What this means, is that you can have the device running the daemon not even “listen” on the ports (a port scan will not see them as open) and still make it do something you need, from a single command all the way up to a full script. Using this technique you could trigger the server to perform any sort of operation you need of it remotely (across the internet) without exposing your home network.
Knockd has only one listed dependency, so download the package and its dependency by issuing:
Install the “knock daemon” (knockd) ipk into the firmware:
./ipkg_install.sh knockd_0.5-1_mipsel.ipk ./working_dir_mini1/
Install the “packet capture” (libpcap) ipk into the firmware:
./ipkg_install.sh libpcap_0.9.4-1_mipsel.ipk ./working_dir_mini1/
As “knockd” can be invoked with an alternate configuration file (how will be explained in a future article), there is no need to perform any other operation and you may skip to the firmware building section, if its all you wanted to install.
The SSMTP package
The SSMTP package enables your router to send Email messages just like we showed in our How To Setup Email Alerts on Linux Using Gmail or SMTP for servers. We promised you back then that we will show how to configure this for DD-WRT and we will now deliver.
This is mainly useful if your going to create scripts on the router that you would like to receive feedback on their operation via email.
This package’s setup is a bit more complex then it is on normal Linux systems because of the limitation imposed by an embedded system, so take a deep breath… ready?…. lets go…
Download the package:
Install the “ssmtp” ipk into the firmware:
./ipkg_install.sh ssmtp_2.61-1_mipsel.ipk ./working_dir_mini1/
TLS support (Optional)
SSMTP doesn’t list any other packages as its dependencies, however if you want to be able to use an smtp gateway that requires TLS authentication (i.e. Gmail), you have to install the openSSL pakage as well.

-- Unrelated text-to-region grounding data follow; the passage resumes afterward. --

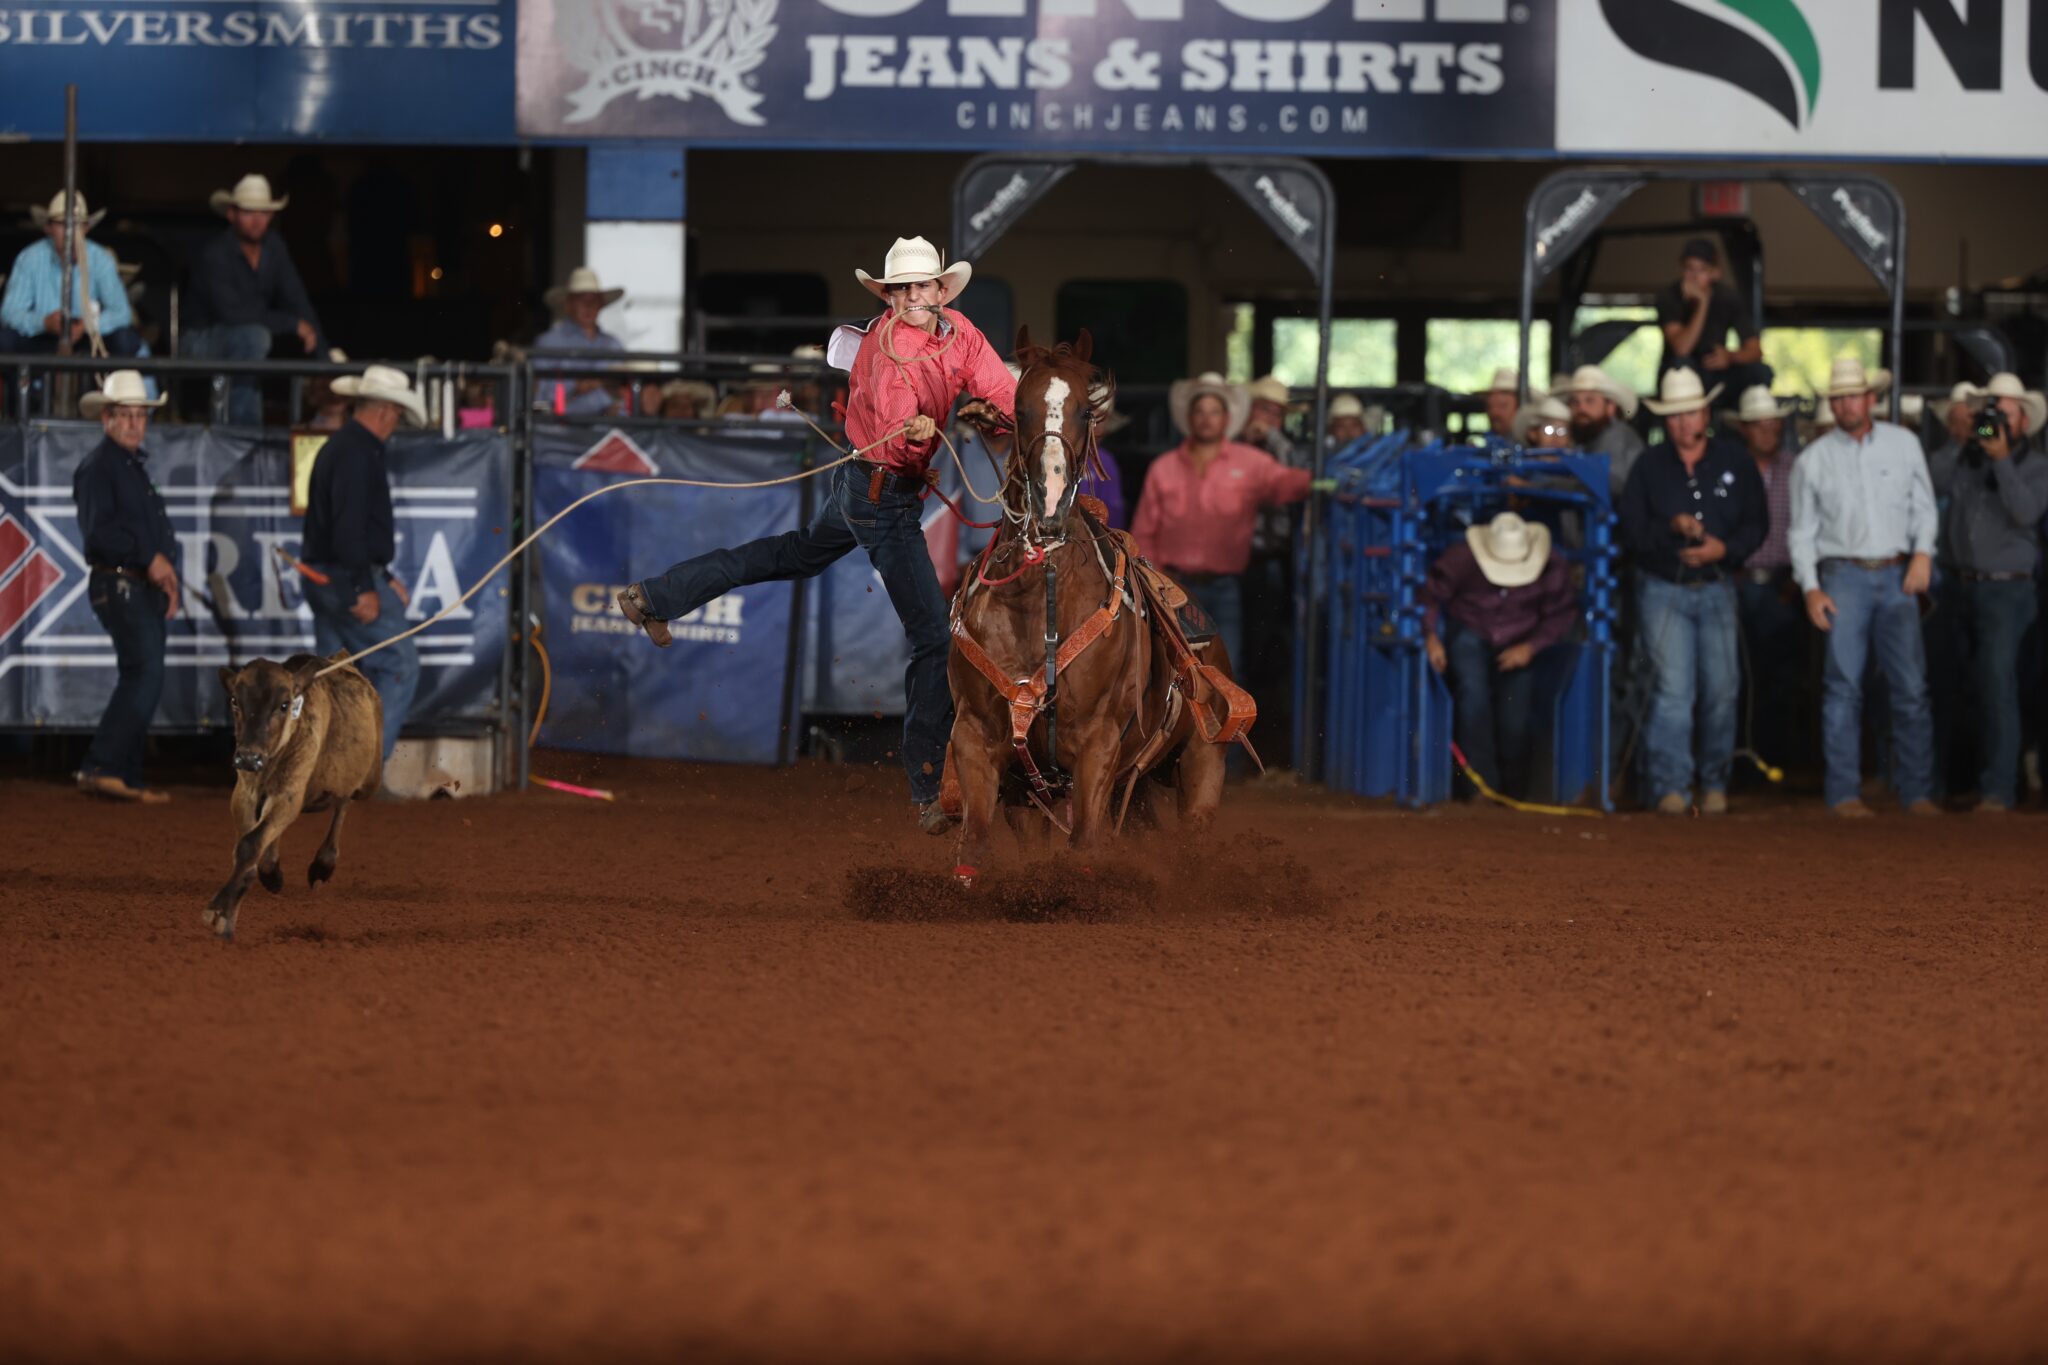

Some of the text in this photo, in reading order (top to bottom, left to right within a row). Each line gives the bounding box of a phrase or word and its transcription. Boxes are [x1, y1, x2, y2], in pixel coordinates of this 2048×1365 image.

[611, 59, 717, 86] CINCH
[804, 36, 1504, 100] JEANS & SHIRTS
[956, 101, 1368, 133] CINCHJEANS.COM
[667, 621, 740, 644] HIRTS
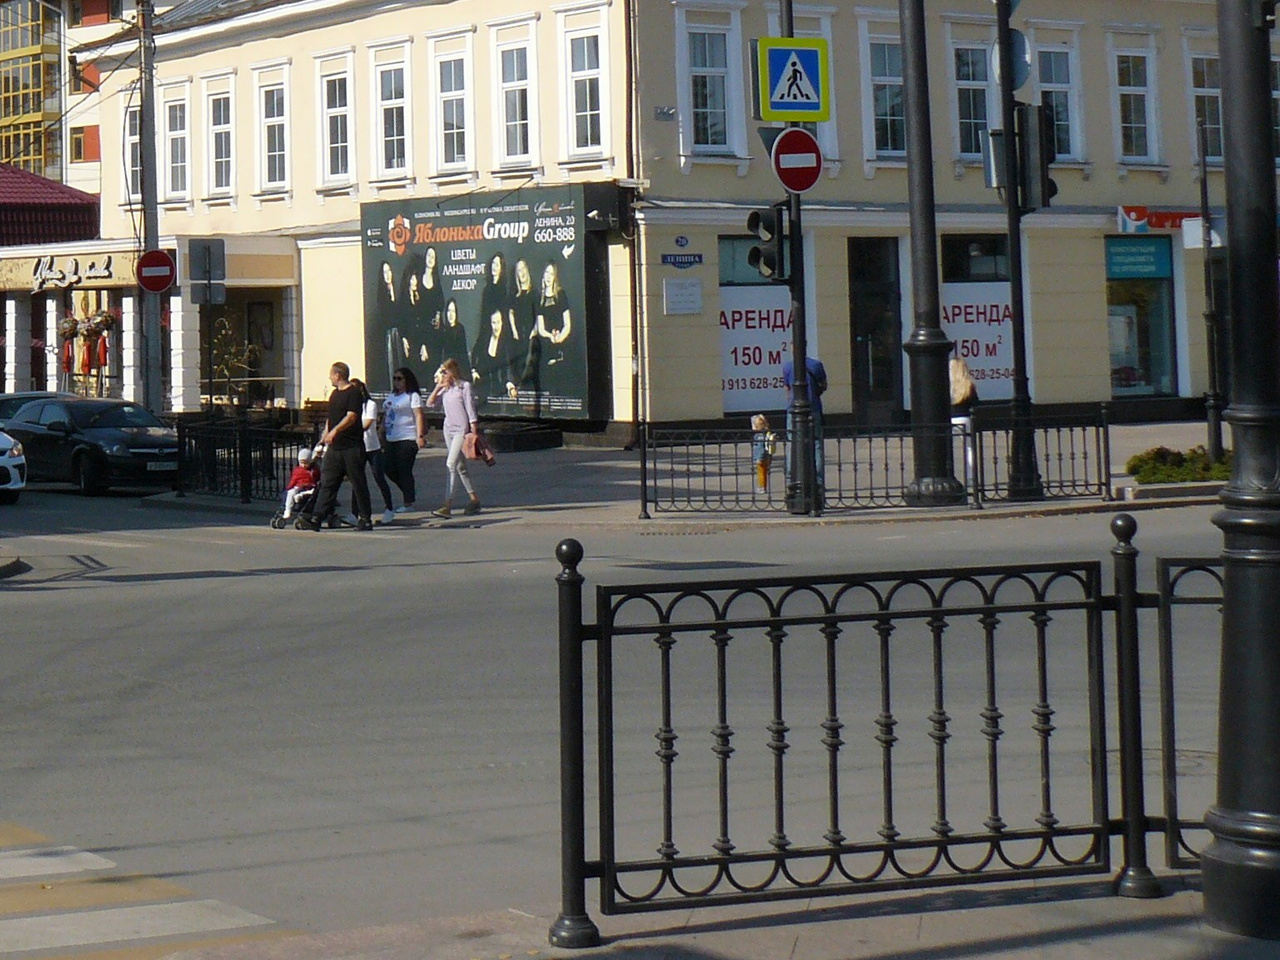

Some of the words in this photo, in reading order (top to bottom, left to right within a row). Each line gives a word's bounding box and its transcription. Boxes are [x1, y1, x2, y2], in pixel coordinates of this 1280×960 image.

[534, 227, 575, 243] 660-888
[451, 248, 476, 260] ЦВЕТЫ
[442, 263, 485, 276] ЛАНДШАФТ
[451, 279, 477, 291] ДЕКОР
[954, 339, 980, 357] 150
[730, 346, 762, 366] 150
[727, 378, 747, 390] 913
[749, 377, 785, 390] 628-25
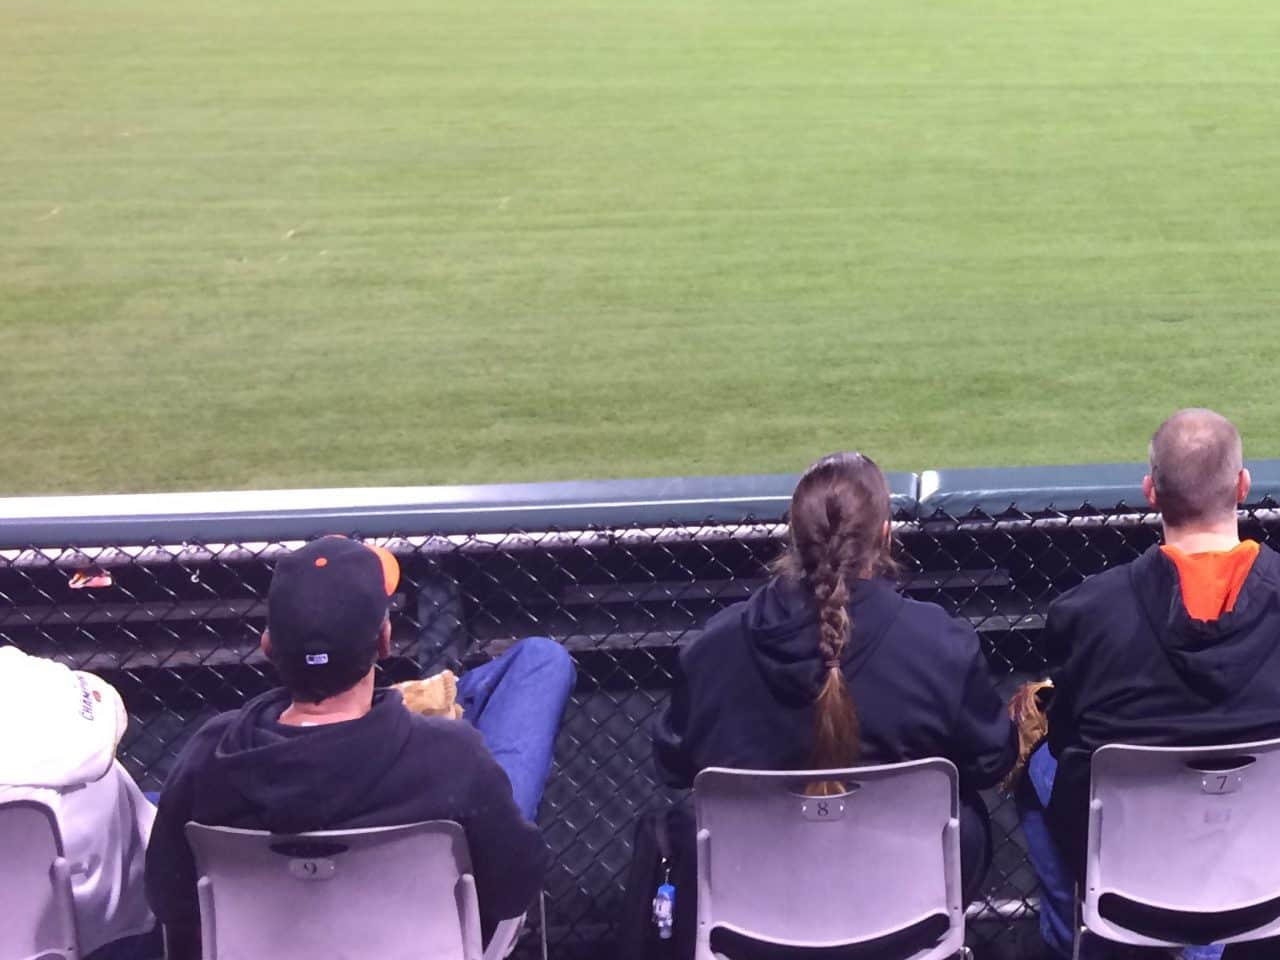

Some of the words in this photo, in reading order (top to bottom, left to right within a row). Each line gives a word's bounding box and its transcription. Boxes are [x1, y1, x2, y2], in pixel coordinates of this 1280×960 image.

[1216, 775, 1227, 790] 7
[817, 802, 829, 816] 8
[303, 862, 317, 876] 9
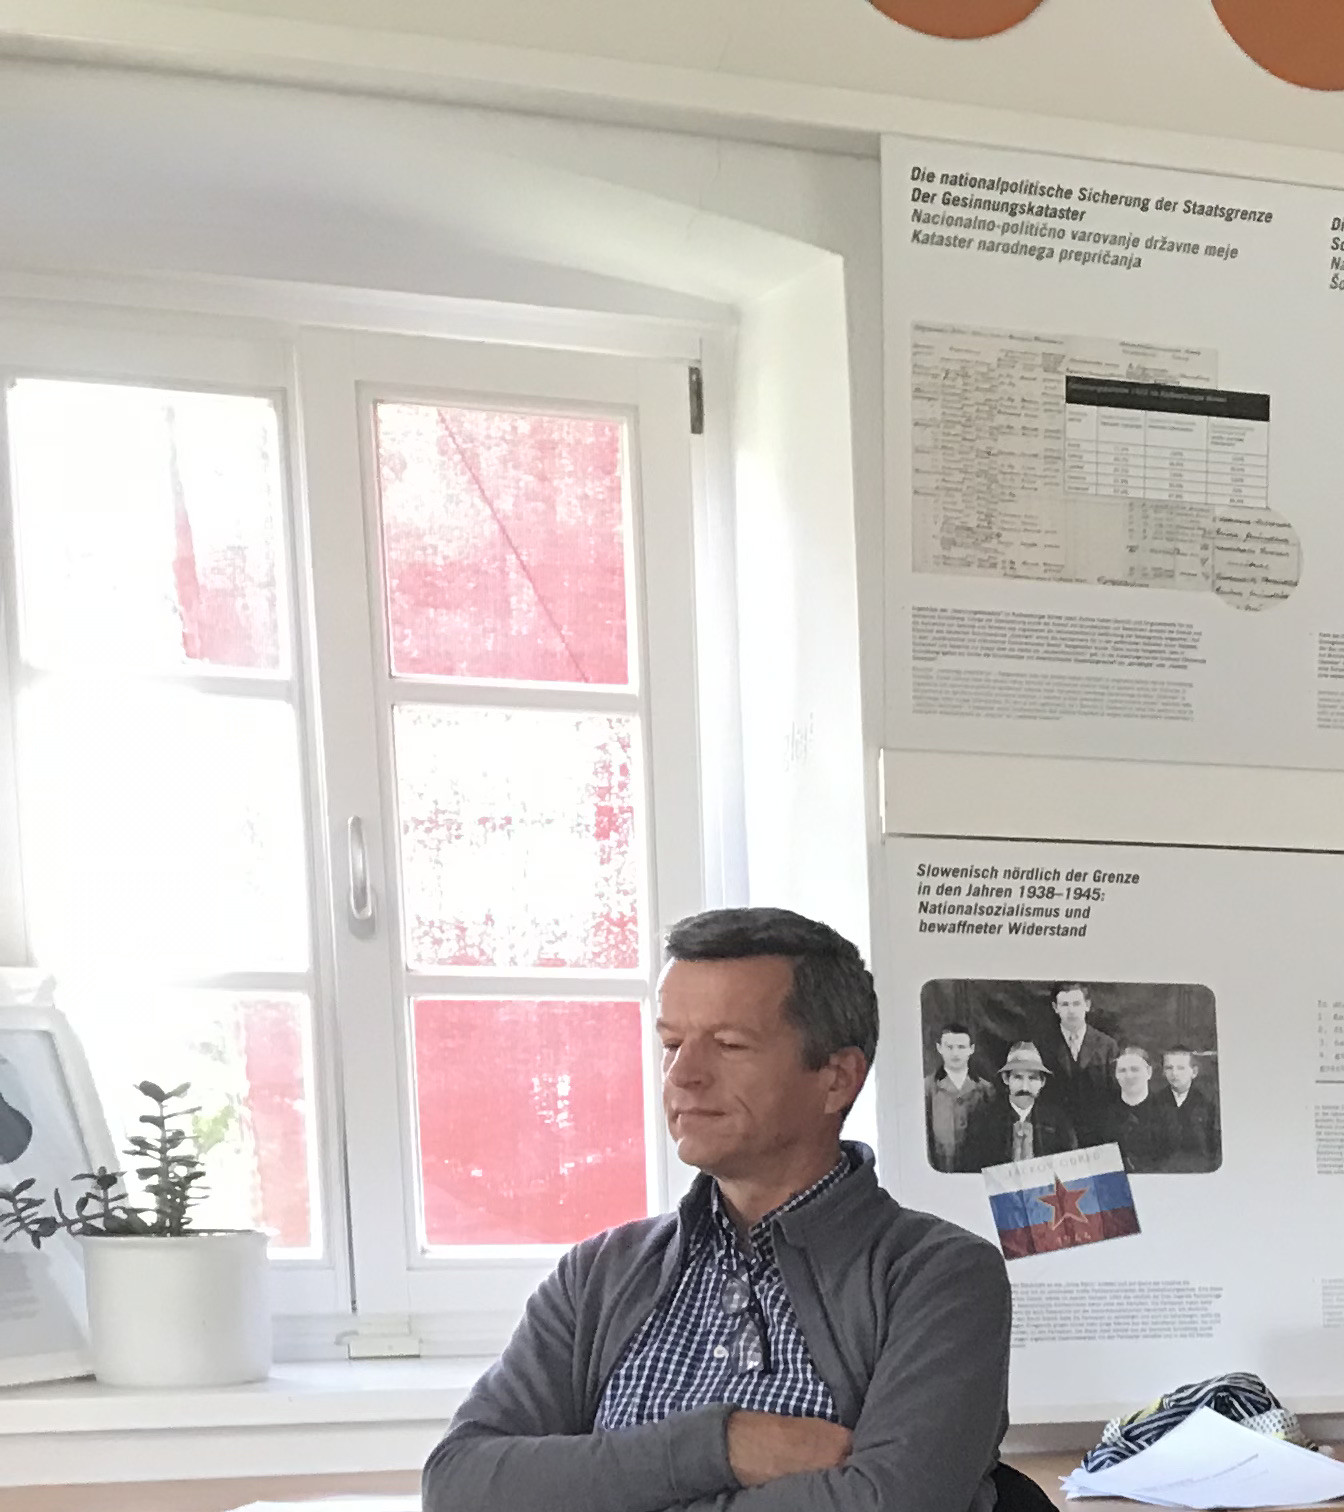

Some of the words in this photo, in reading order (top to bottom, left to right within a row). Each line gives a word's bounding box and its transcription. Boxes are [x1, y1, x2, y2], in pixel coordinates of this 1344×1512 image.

[910, 166, 936, 185] Die
[940, 171, 1074, 201] nationalpolitische
[1078, 187, 1150, 214] Sicherung
[1155, 198, 1179, 213] der
[1182, 200, 1273, 224] Staatsgrenze
[911, 188, 937, 206] Der
[941, 191, 1087, 222] Gesinnungskataster
[911, 209, 1066, 240] Nacionalno-politično
[1070, 229, 1141, 250] varovanje
[1144, 236, 1201, 256] državne
[1204, 243, 1240, 261] meje
[911, 229, 973, 251] Kataster
[977, 237, 1055, 260] narodnega
[1059, 247, 1142, 269] prepričanja
[916, 863, 999, 880] Slowenisch
[1002, 866, 1062, 882] nördlich
[1065, 869, 1089, 883] der
[1092, 870, 1141, 884] Grenze
[917, 881, 931, 896] in
[935, 883, 962, 897] den
[965, 884, 1013, 898] Jahren
[918, 901, 1061, 919] Nationalsozialismus
[1064, 906, 1091, 919] und
[918, 919, 1004, 935] bewaffneter
[1007, 922, 1088, 937] Widerstand

Note: There is a HUGE drawback to doing this in the form of considerably reduced space on the router for JFFS later on. That is, the openSSL package takes about 500K of space from your total of 4MB (for a normal non “mega” supporting router), compound to that the JFFS overhead and you will discover that your left with, but a precious few, blocks of free JFFS space (about 60KB on WRT54GL).
As there are still non TLS requiring smtp servers out there (usually your ISP’s), i suggest taking a minute to think if you really need to use the TLS requiring gateway.
If you have decided to enable TLS support despite its disadvantage, download the openSSL package:
Install the “openSSL” (libopenssl) ipk into the firmware:
./ipkg_install.sh libopenssl_0.9.8d-1_mipsel.ipk ./working_dir_mini1/
There is a limitation with the SSMTP package, that it is not possible to invoke it with an alternate configuration file.
Because the firmware is read-only when its on the router, that means that out of the box we can only hardcode the configuration into the firmware.
However, what if we don’t want to go through all of the firmware modification steps, just to change the Email settings? (for example a password change).
To that end, both Jeremy (the firmware mod-kit creator) and myself reached the conclusion (independently if i may humbly add) that the only sane way to do this would be to:
- Make the configuration files location which the ssmtp package points to the read-only location under etc, point to the tmp directory which is writable to at runtime.
- Create a script that would dynamically generate the configurations based off of NVRAM variables at startup.
To achieve that, some additional steps are required…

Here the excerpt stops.